Hi Ulli,
I like to think of images in terms of Abstract Data Types. My rules for member functions vs. free functions are therefore:
- functions that retrieve the internal state of a single image or change this state belong to the class (i.e. resize(), get_height() etc.)
- functions that invlove several images and create new images (or rather write the values of a pre-allocated destination) belong outside the class, e.g. transform() and convolve()
- functions that have potentially open-ended semantics belong outside the class (e.g. view creation).
I have no problem with following these rules.
Also any suggestions for a better name than resize_clobber_image (just not resize, not to be confused with vector resize behavior)
Yes, please. IMHO image::resize() is ok, the semantic difference to std::vector is no problem for me, but others' opinions may be different.
My rule of thumb: when I provide functionality that is similar but not identical to existing functionality, I go out of my way to indicate that they are different. This is why GIL calls 2D 'iterators' locators, although they are almost identical to traditional iterators. Similarly, I prefer names like resize_and_clobber(), resize_and_invalidate(), create_with_new_dimensions(), recreate(), or reset() than resize(). What do other people think?
2. If a color model does not have specific functions (in the current version of the code base), a specific class is definitely not warranted.
This applies especially to the lab and hsb classes in the current GIL version.
We could get rid of them. Or we could provide color conversion for them.
The first possibility migth be ok for the first release, but eventually the second will be required. Still, the question is: is a color conversion function sufficient to warrant an own class? (This is a general question, not targeted against GIL).
I think it depends on your application. In some contexts specific color models are widely used and others are not needed. But each color model was invented because it was needed somewhere. I see little harm in providing an extensive set of color models. You don't have to use them if you don't want to - you could just use the anonymous model.
This is a good thing, and VIGRA tries the same (e.g. interleaved vs. planar images can be abstracted by means of accessors). But the problem is also open-ended. For example, what about tiled images (necessary for very large files that don't fit into memory, and for better chache locality)?
In my opinion tiled images are a different story, they cannot be just abstracted out and hidden under the rug the way planar/intereaved images can. If you want your algorithm to work on a tile-by-tile, you have to redesign it with this requirement in mind. And some algorithms are inherently less tile-friendly than others. It may be possible to create a virtual image that tries to predict and adapt to the access pattern of a generic algorithm, but my feeling is that it won't do much better than simply letting the virtual memory of your OS handle it.
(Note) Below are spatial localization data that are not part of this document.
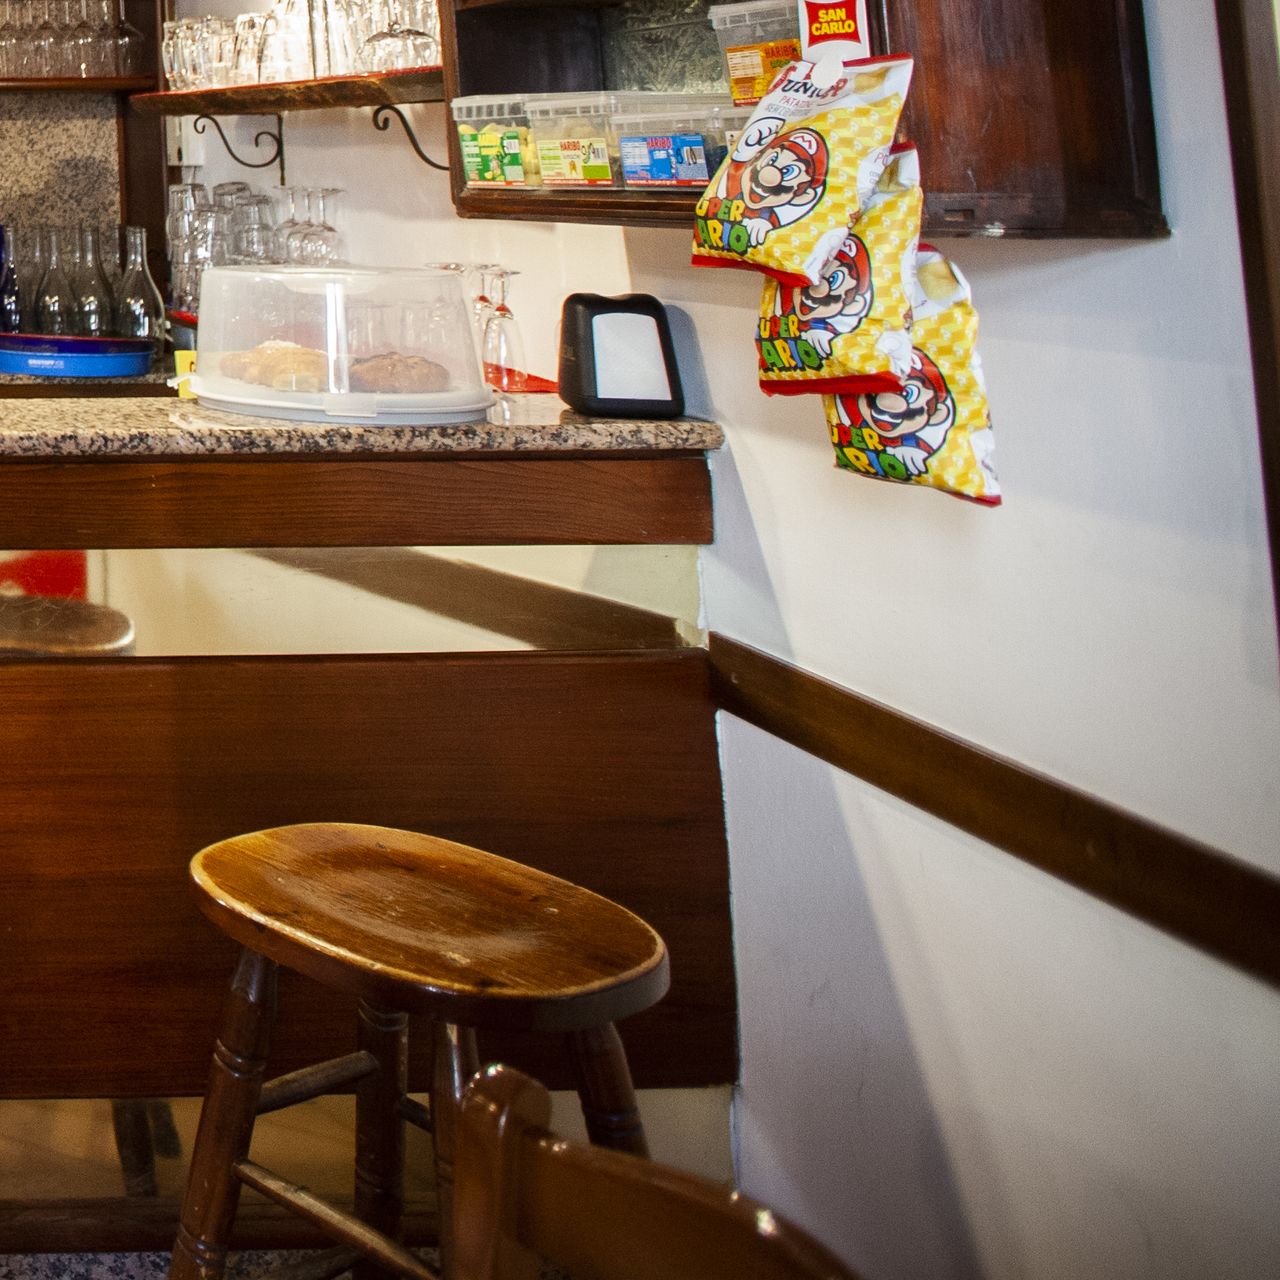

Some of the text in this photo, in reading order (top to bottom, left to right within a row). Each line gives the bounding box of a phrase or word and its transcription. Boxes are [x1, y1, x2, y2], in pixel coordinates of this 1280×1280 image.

[818, 8, 846, 23] SAN
[811, 20, 856, 36] CARLO
[696, 197, 746, 222] UPER
[759, 314, 801, 338] UPER
[831, 424, 884, 451] UPER
[834, 447, 909, 480] RIO
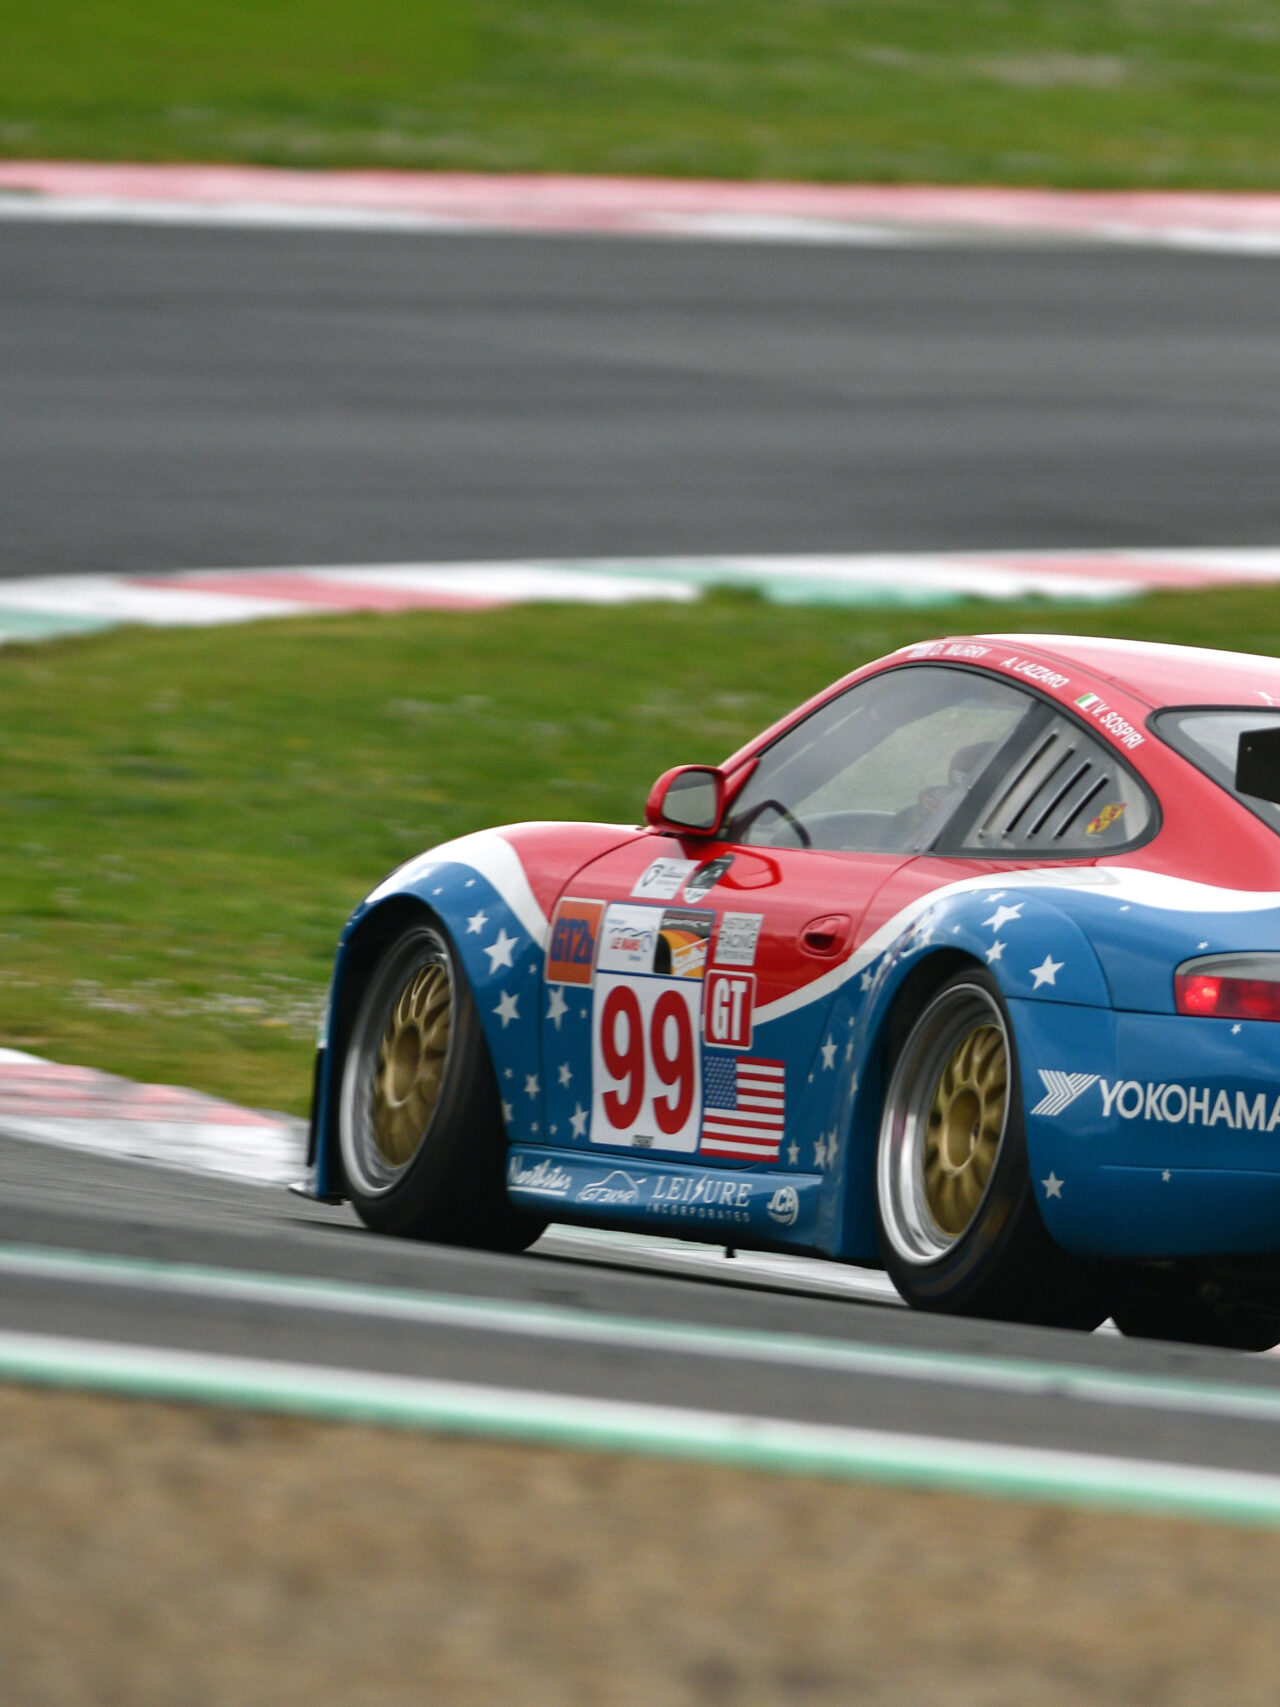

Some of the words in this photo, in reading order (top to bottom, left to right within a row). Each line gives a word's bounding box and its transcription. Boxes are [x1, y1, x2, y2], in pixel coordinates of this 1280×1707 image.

[1013, 660, 1070, 689] LAZZARO
[1092, 702, 1102, 718] V.
[1100, 711, 1146, 750] SOSPIRI
[712, 978, 748, 1041] GT
[601, 985, 694, 1135] 99
In my experience, it doesn't cost much (if anything), at least for integral underlying types. As an analogous example: a pure pointer and an iterator class which contains just a pure pointer behave identically on all systems I tried.
We have some internal performance benchmarks showing that for complex algorithms (like sort), representing the vector iterator as a pointer wrapped in a class results in suboptimal performance on some compilers. Compilers are good enough for simple algorithms, but in more fancy contexts may fail to keep the wrapped pointer in a register. But I haven't looked into specifics.
Right now GIL hard-codes the commonly used types to their commonly used ranges - float is 0..1.
Really? I didn't realize this and don't like it at all as a default setting. IMHO, the pleasant property of floats is that one (mostly) doesn't need to take care of ranges and loss of precision.
Think of these as part of the channel traits specifying the legal range of the channel, which is often smaller than its physical range. You are, of course, free to ignore them (and it may make sense to do so in intermediate computations), but they are implicitly always defined. Having them explicitly defined makes certain operations much easier, such as converting from one channel type to another. Not having them defined would force you to propagate them to every function that might need them. For example channel_convert will need to be provided the minimum and maximum value for both source and destination, and so will the color conversion functions, the color converted view, etc.
Some color conversions are defined by means of the rgb or xyz color space as intermediate spaces anyway. Others are concatenations of linear transforms, which are easily optimized at compile-time or run-time. Loss of precision is a non-issue if the right temporary type is used for intermediate results.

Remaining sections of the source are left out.